## [Work task]
Should a picture appear anywhere in the data, omit it and copy everything else exactly.

## [Data for the task]
● ● ● ● ●
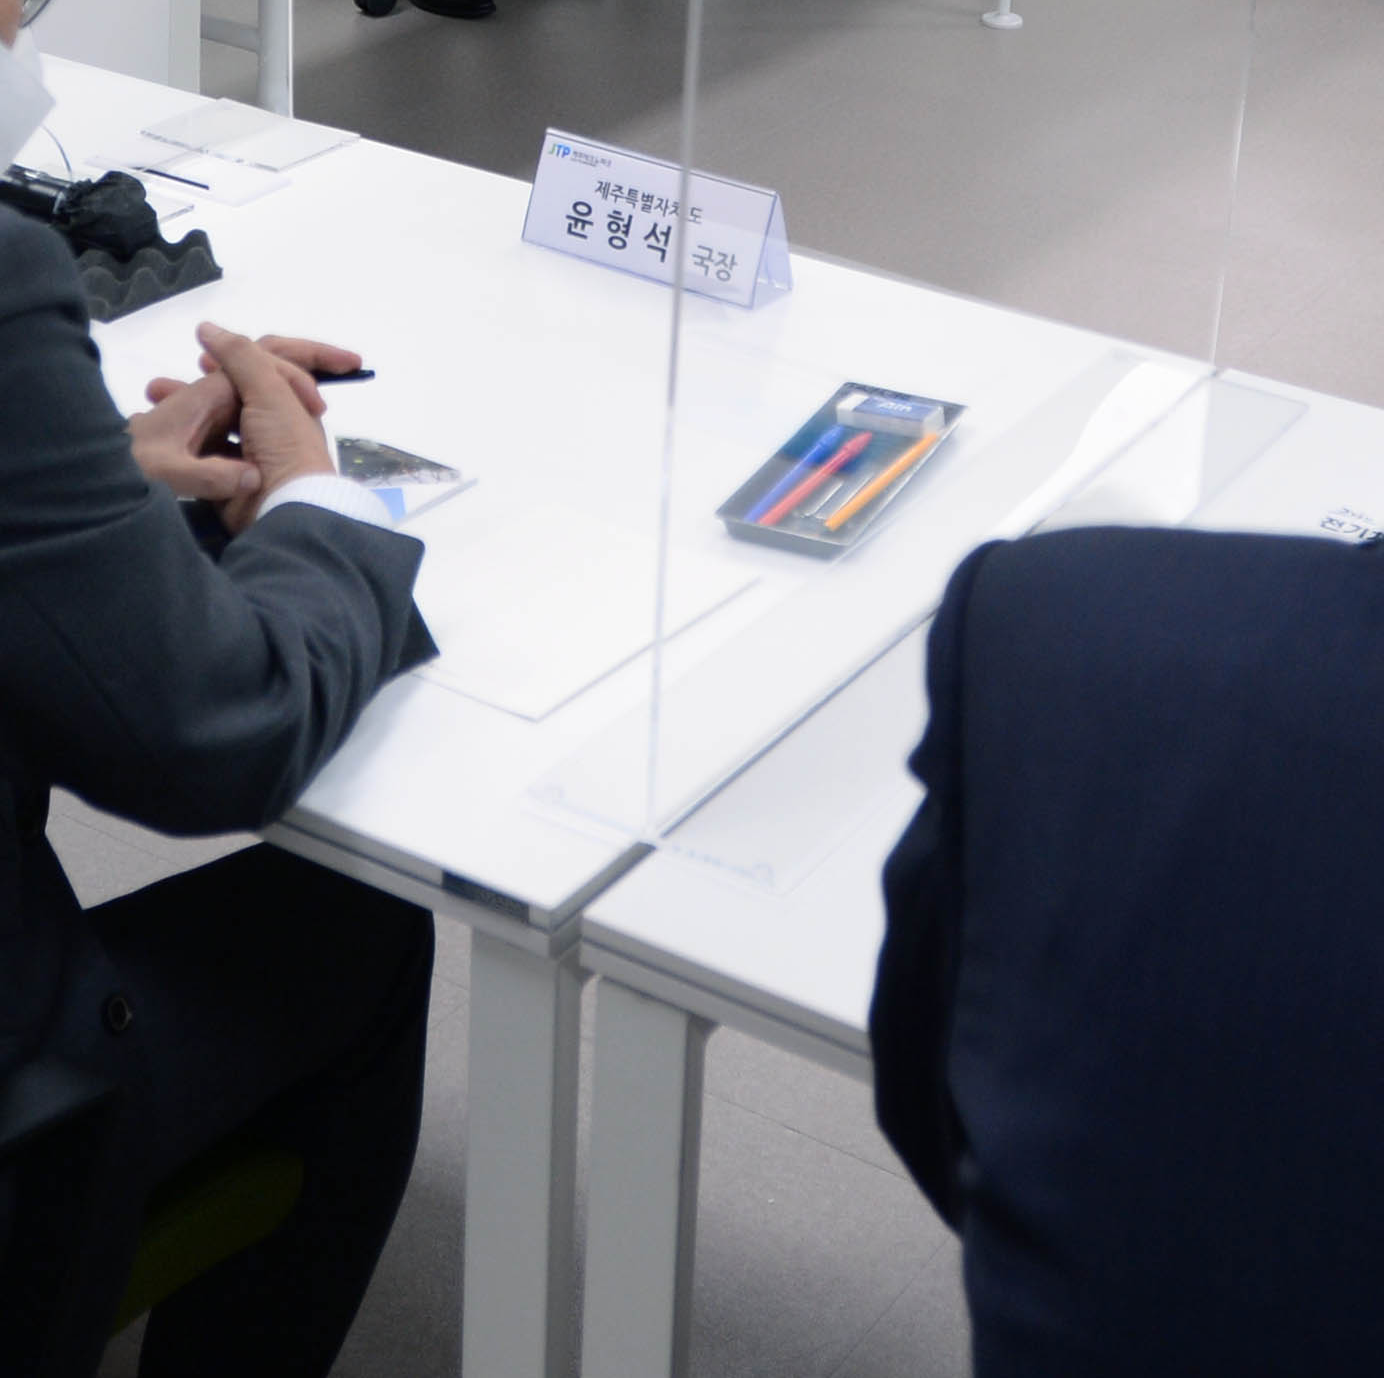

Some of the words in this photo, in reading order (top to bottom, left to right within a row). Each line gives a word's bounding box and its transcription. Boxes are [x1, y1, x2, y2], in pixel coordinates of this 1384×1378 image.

[548, 143, 572, 158] JTP
[565, 199, 672, 263] 윤형석
[692, 244, 738, 282] 국장
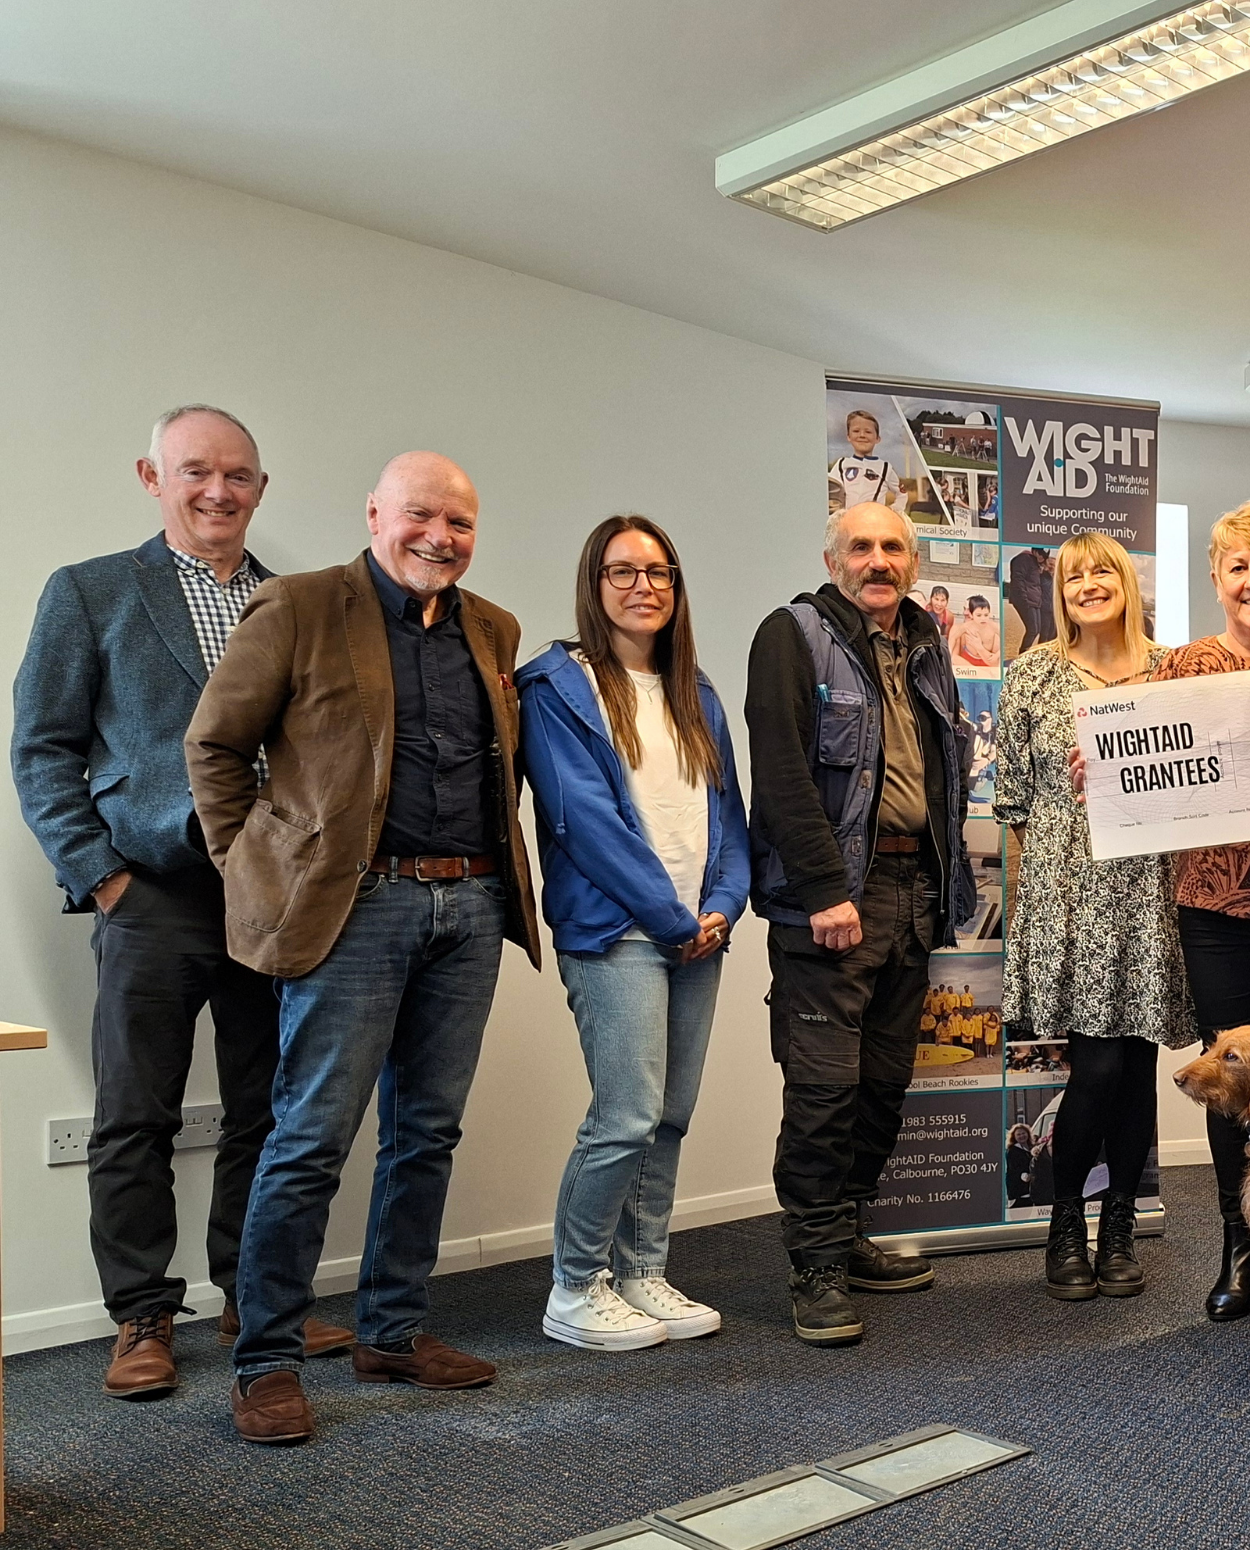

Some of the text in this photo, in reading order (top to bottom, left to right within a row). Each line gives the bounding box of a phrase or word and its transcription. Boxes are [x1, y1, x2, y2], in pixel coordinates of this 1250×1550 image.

[1004, 416, 1155, 467] WIGHT
[1022, 457, 1098, 498] AID
[1105, 474, 1149, 486] The WightAid
[1105, 482, 1149, 496] Foundation
[1040, 505, 1128, 522] Supporting our
[940, 526, 967, 538] Society
[1027, 521, 1137, 541] unique Community
[955, 667, 977, 676] Swim
[1090, 701, 1136, 716] NatWest
[1095, 722, 1194, 760] WIGHTAID
[1120, 756, 1220, 794] GRANTEES
[923, 1080, 946, 1089] Beach
[949, 1078, 979, 1087] Rookies
[929, 1114, 967, 1126] 555915
[929, 1151, 984, 1163] Foundation
[893, 1168, 948, 1180] Calbourne,
[951, 1164, 978, 1175] PO30
[980, 1162, 998, 1173] 4JY
[907, 1194, 924, 1204] No.
[927, 1189, 971, 1203] 1166476
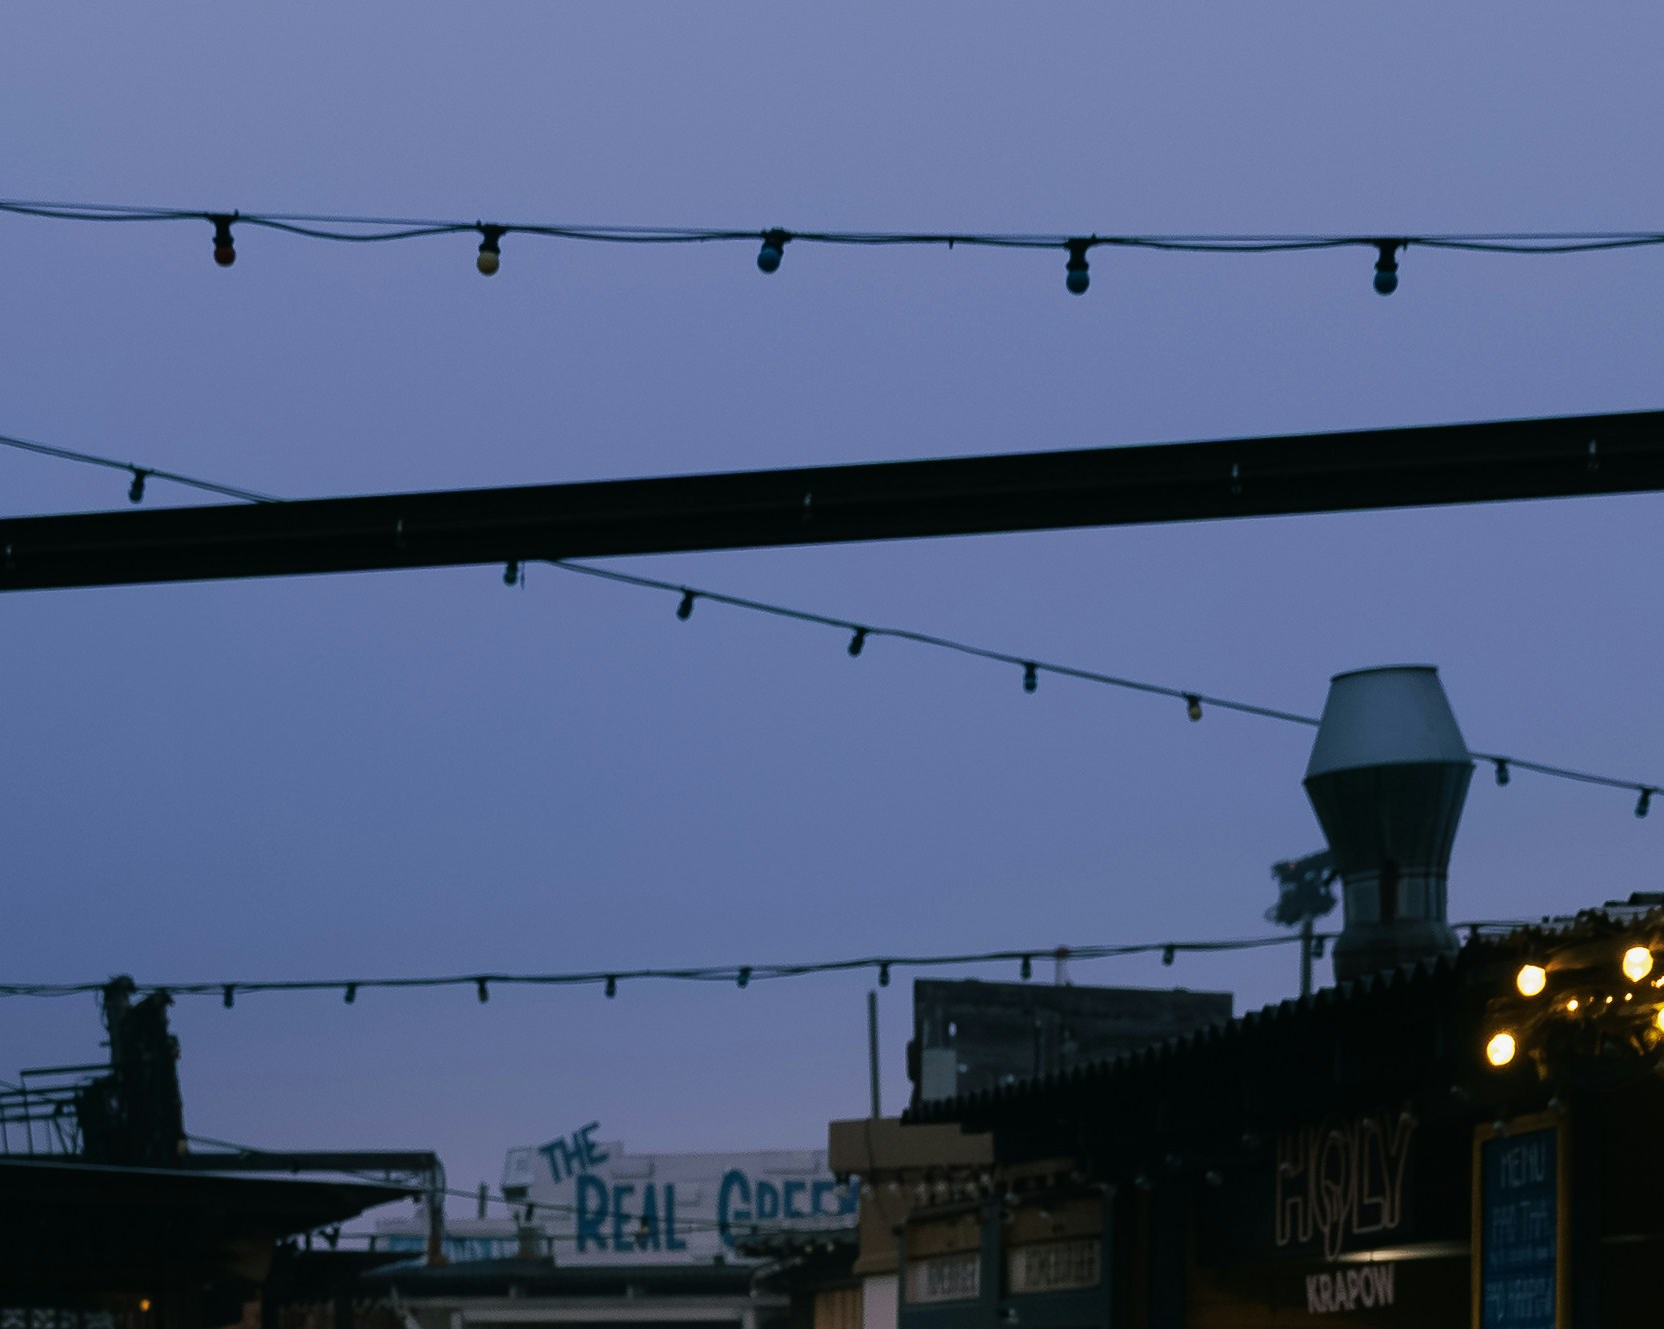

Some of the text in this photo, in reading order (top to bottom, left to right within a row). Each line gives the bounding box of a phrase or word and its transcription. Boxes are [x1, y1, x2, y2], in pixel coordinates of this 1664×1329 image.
● ● ● ● ●
## [Solution to this problem]
Some of the words in this photo, in reading order (top to bottom, left to right within a row). Each line gives a word's bounding box and its transcription. Boxes are [x1, y1, x2, y2], in pixel coordinates of this 1384×1378 image.

[548, 143, 572, 158] JTP
[565, 199, 672, 263] 윤형석
[692, 244, 738, 282] 국장

Some of the text in this photo, in reading order (top to bottom, left to right within a row). Each line gives the bounding box of a phrase or word and its transcription. Boxes are [x1, y1, x2, y2], in pixel coordinates of this 1250×1550 image.

[1004, 416, 1155, 467] WIGHT
[1022, 457, 1098, 498] AID
[1105, 474, 1149, 486] The WightAid
[1105, 482, 1149, 496] Foundation
[1040, 505, 1128, 522] Supporting our
[940, 526, 967, 538] Society
[1027, 521, 1137, 541] unique Community
[955, 667, 977, 676] Swim
[1090, 701, 1136, 716] NatWest
[1095, 722, 1194, 760] WIGHTAID
[1120, 756, 1220, 794] GRANTEES
[923, 1080, 946, 1089] Beach
[949, 1078, 979, 1087] Rookies
[929, 1114, 967, 1126] 555915
[929, 1151, 984, 1163] Foundation
[893, 1168, 948, 1180] Calbourne,
[951, 1164, 978, 1175] PO30
[980, 1162, 998, 1173] 4JY
[907, 1194, 924, 1204] No.
[927, 1189, 971, 1203] 1166476

Some of the text in this photo, in reading order (top to bottom, left to right within a row). Each line gives the bounding box of a phrase or word and its transcription. Boxes are [x1, y1, x2, y2], in pixel coordinates of this 1664×1329 image.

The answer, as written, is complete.